## EXERCISE INSTRUCTIONS
For this exercise, write out each entry below exactly, omitting the images.

** Opening DATA FOR PROCESSING block **

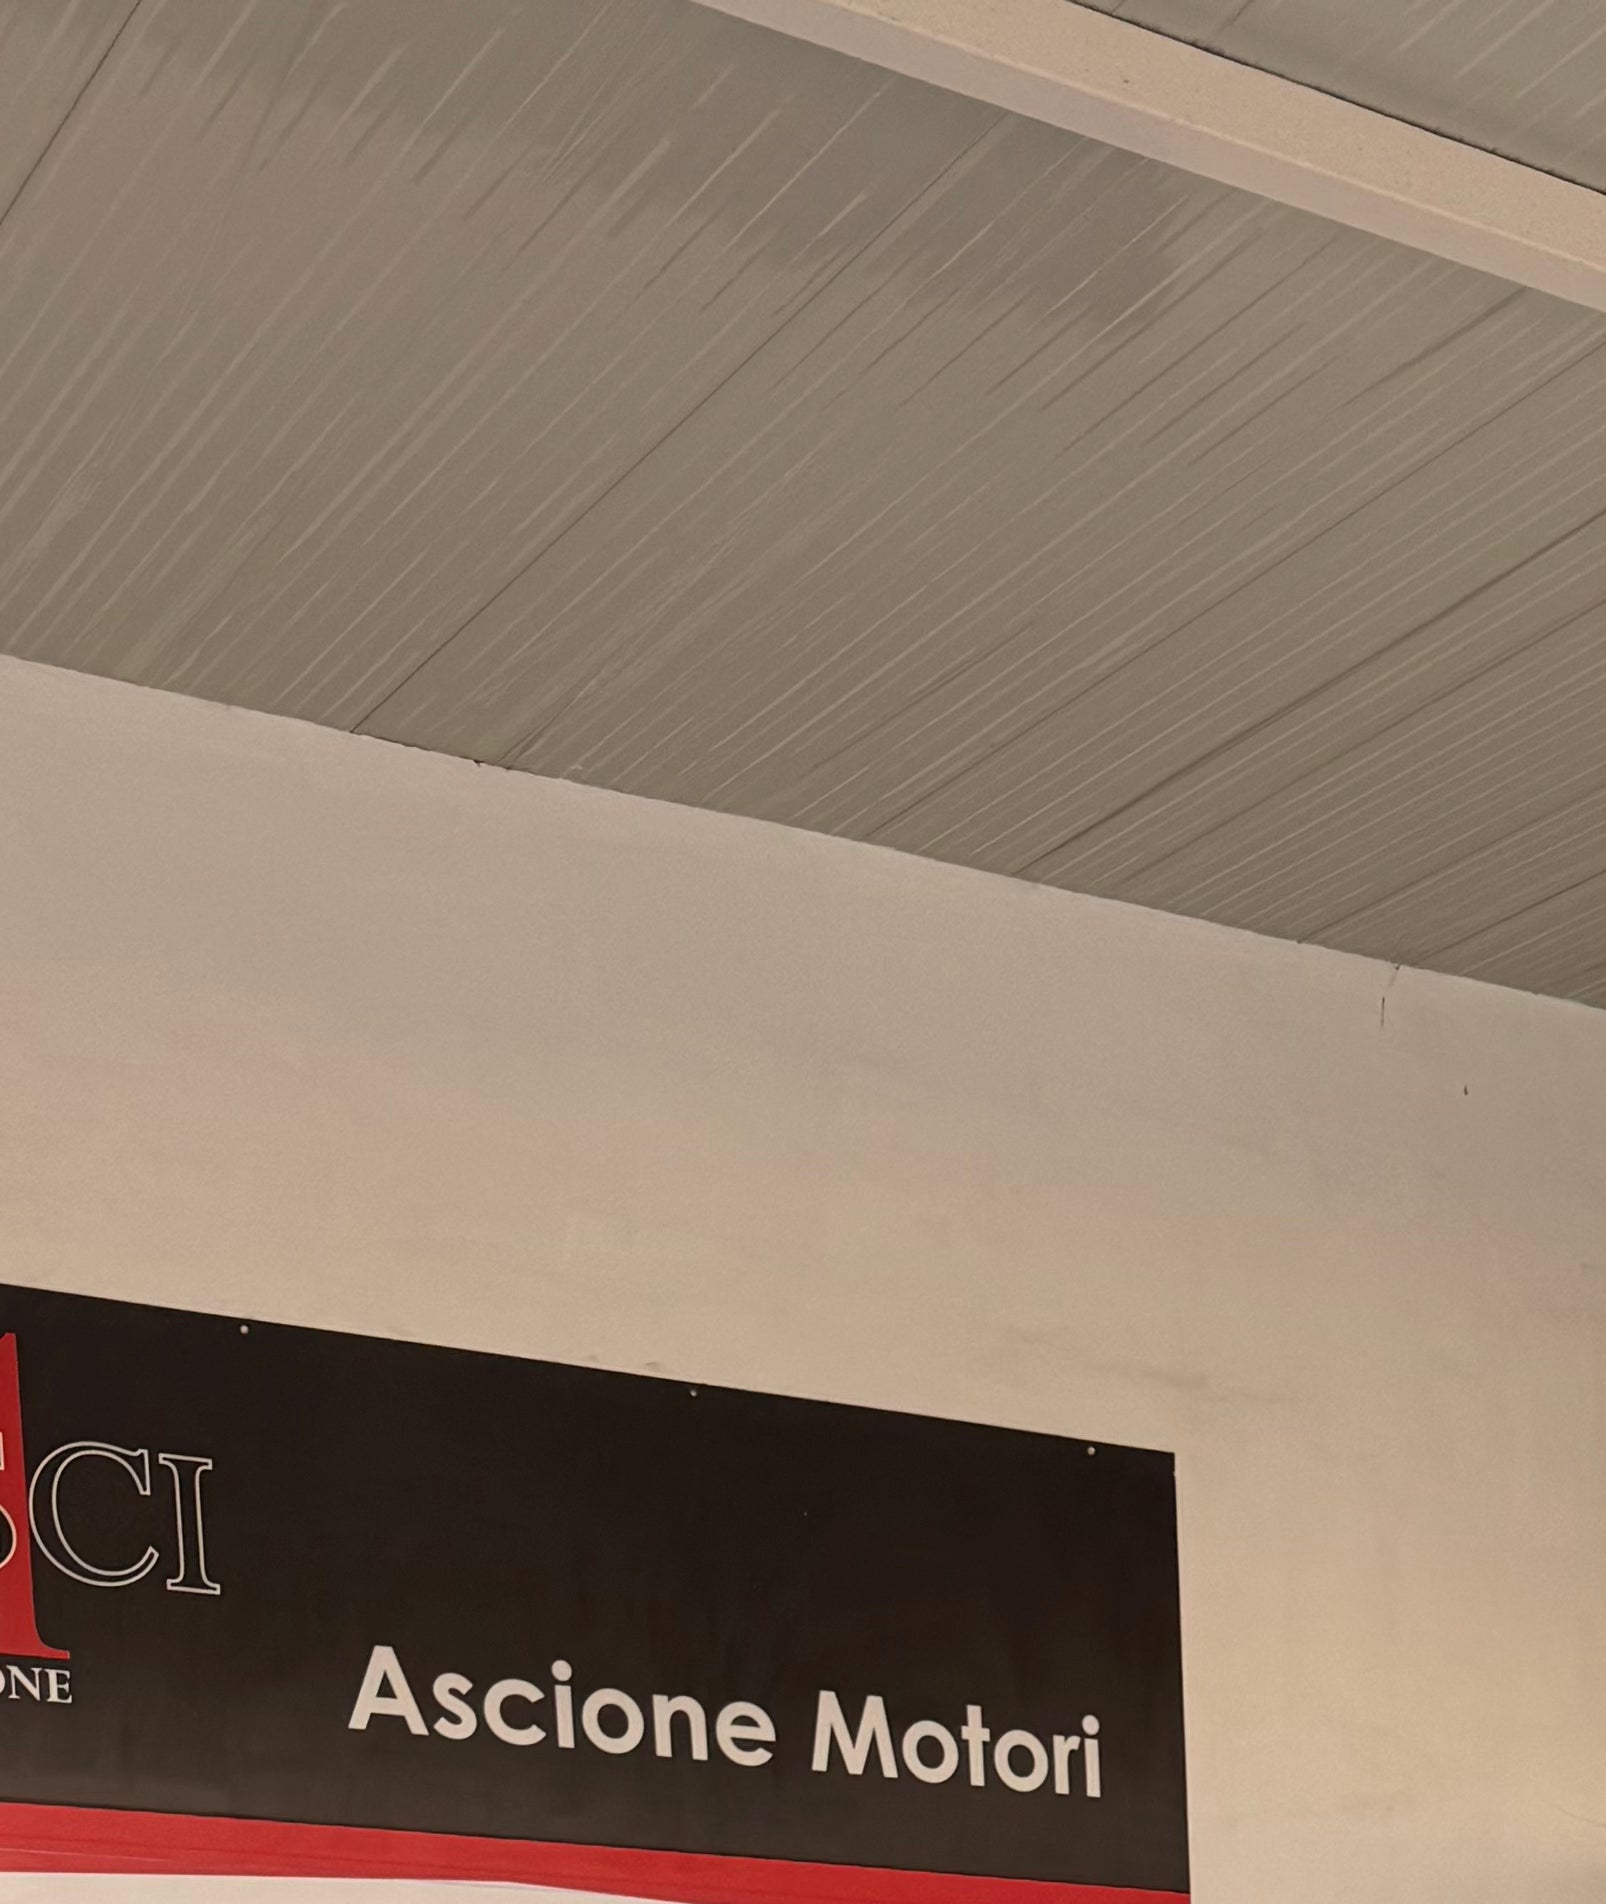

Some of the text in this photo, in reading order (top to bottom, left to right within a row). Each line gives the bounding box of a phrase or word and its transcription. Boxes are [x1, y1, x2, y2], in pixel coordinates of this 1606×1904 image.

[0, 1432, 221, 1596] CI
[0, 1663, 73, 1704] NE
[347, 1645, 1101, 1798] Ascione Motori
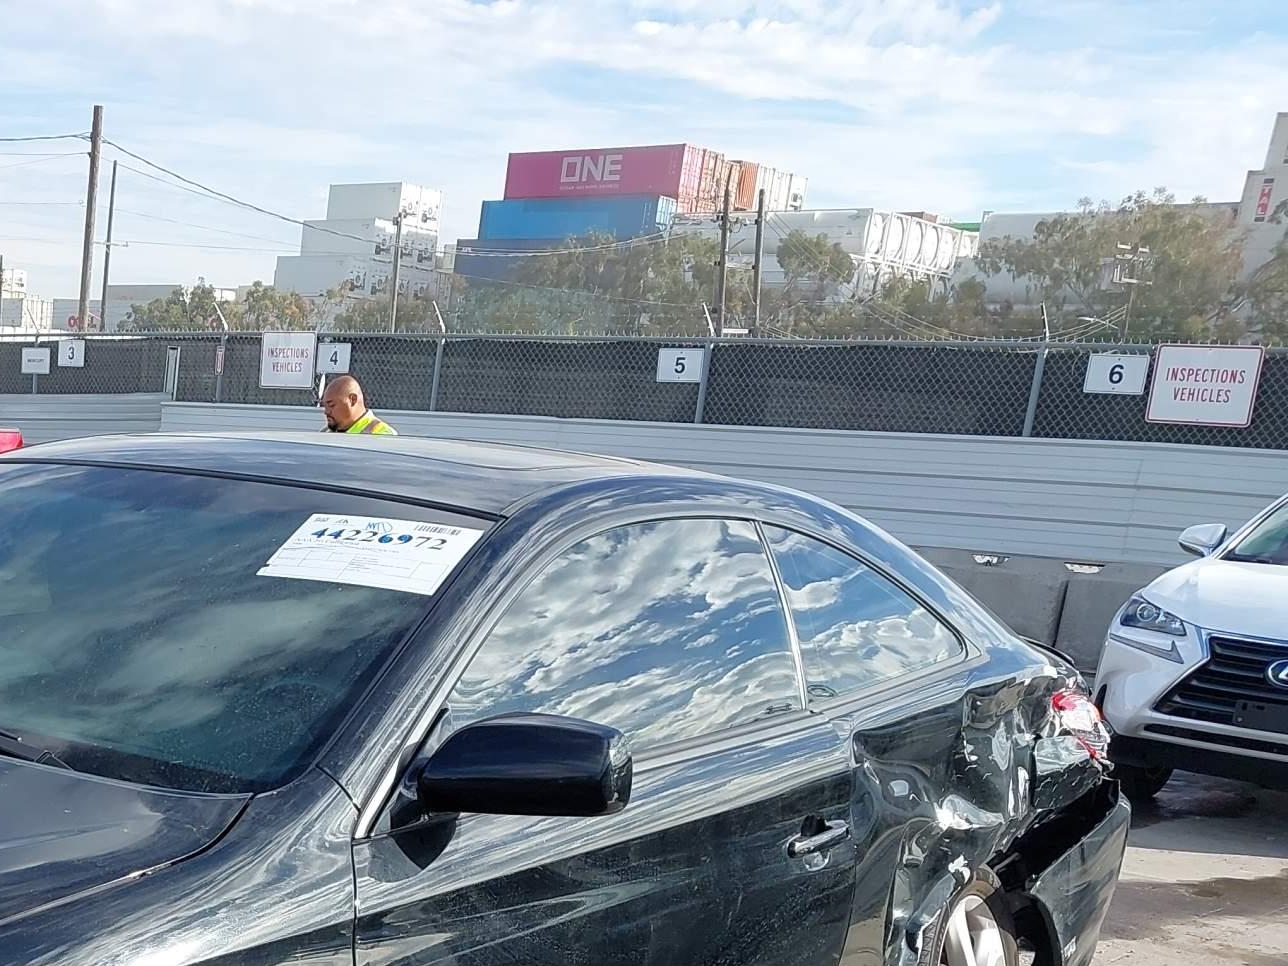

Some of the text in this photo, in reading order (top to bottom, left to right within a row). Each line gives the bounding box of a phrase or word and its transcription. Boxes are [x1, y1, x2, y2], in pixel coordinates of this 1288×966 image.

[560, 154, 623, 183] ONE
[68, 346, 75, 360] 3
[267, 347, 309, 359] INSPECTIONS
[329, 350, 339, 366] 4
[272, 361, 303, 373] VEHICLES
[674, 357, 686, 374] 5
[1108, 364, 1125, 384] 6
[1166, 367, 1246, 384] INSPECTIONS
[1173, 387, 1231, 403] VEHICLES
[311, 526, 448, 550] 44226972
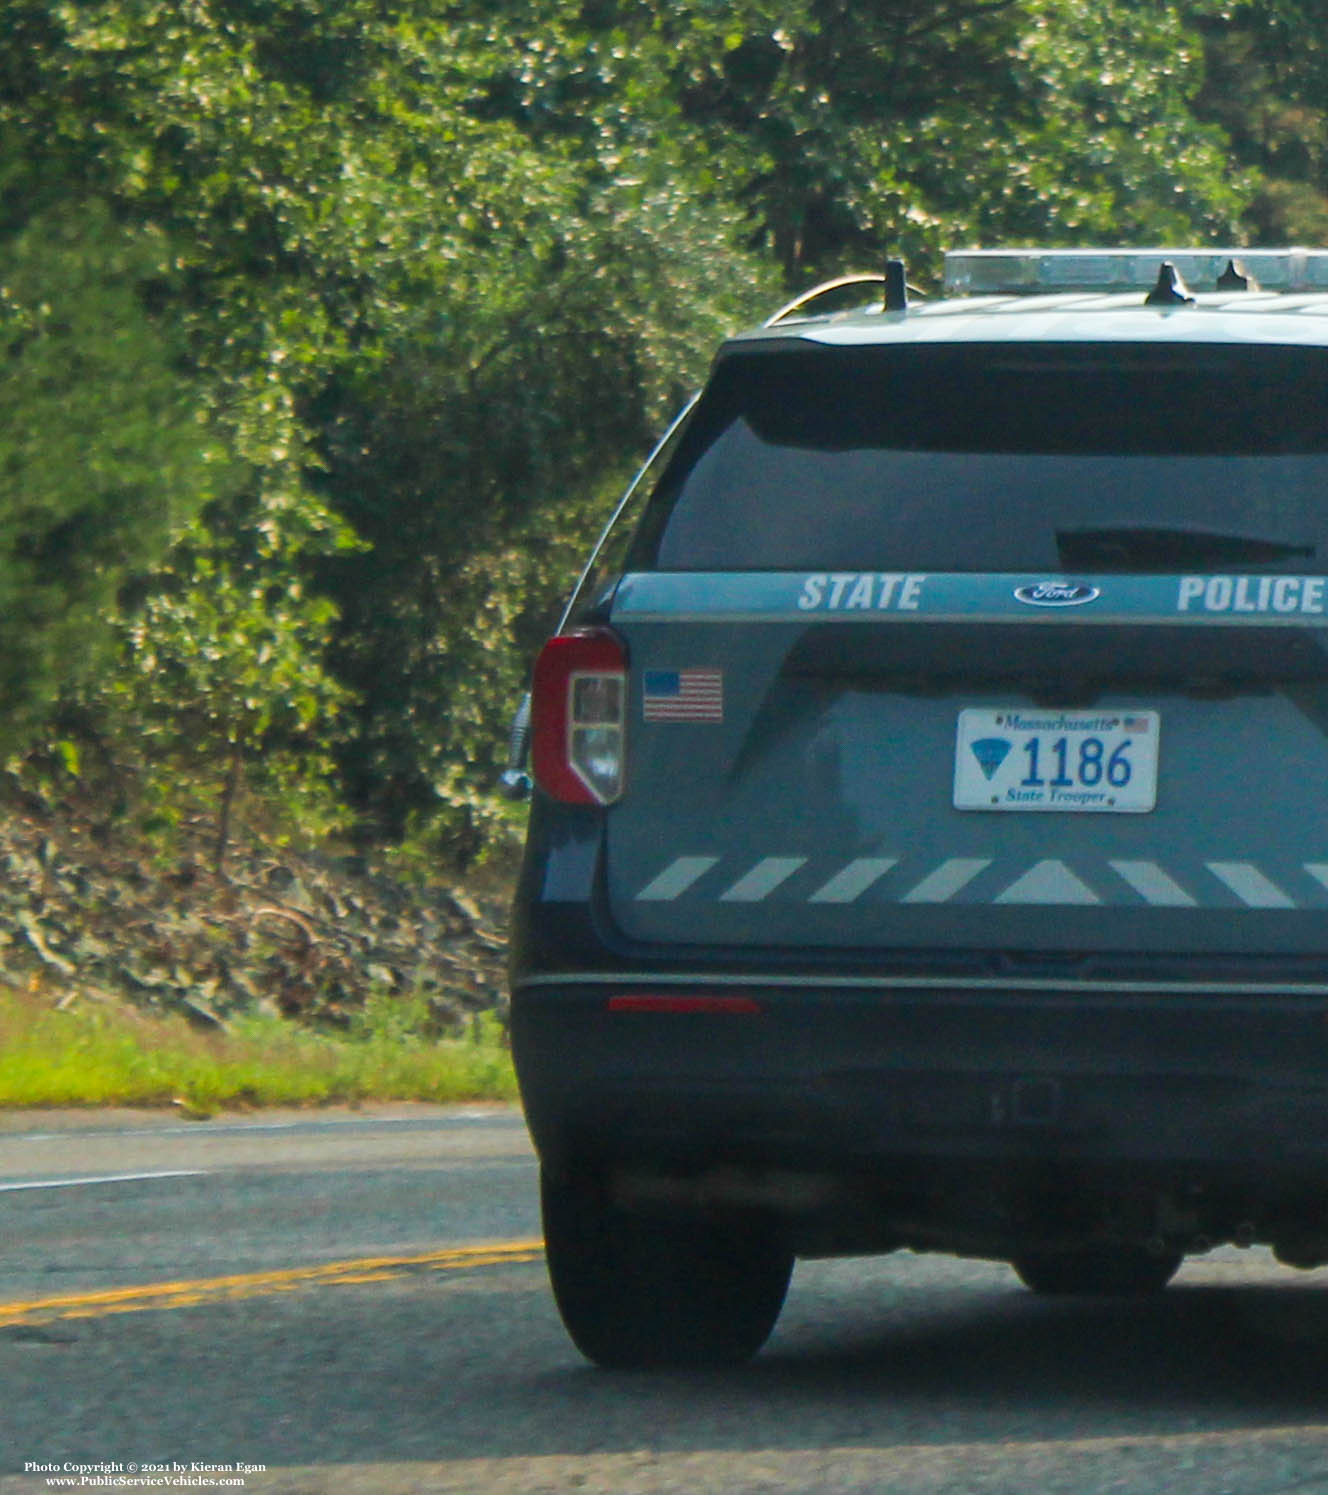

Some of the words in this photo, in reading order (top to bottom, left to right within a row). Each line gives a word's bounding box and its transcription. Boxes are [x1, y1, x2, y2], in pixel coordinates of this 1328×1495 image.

** Closing DATA FOR PROCESSING block **

## EXERCISE RESPONSE
Some of the text in this photo, in reading order (top to bottom, left to right within a row). Each line gives the bounding box of a phrase or word and its transcription. Boxes are [x1, y1, x2, y2], in pixel coordinates of this 1606×1904 image.

[0, 1432, 221, 1596] CI
[0, 1663, 73, 1704] NE
[347, 1645, 1101, 1798] Ascione Motori

Some of the text in this photo, in reading order (top to bottom, left to right within a row). Each line gives the bounding box of a phrase or word and its transcription. Boxes are [x1, y1, x2, y2], in pixel coordinates of this 1288×966 image.

[560, 154, 623, 183] ONE
[68, 346, 75, 360] 3
[267, 347, 309, 359] INSPECTIONS
[329, 350, 339, 366] 4
[272, 361, 303, 373] VEHICLES
[674, 357, 686, 374] 5
[1108, 364, 1125, 384] 6
[1166, 367, 1246, 384] INSPECTIONS
[1173, 387, 1231, 403] VEHICLES
[311, 526, 448, 550] 44226972

Some of the words in this photo, in reading order (top to bottom, left to right within a row). Each line gives a word's bounding box and its transcription. Boxes are [x1, y1, x2, y2], in pixel coordinates of this 1328×1495 image.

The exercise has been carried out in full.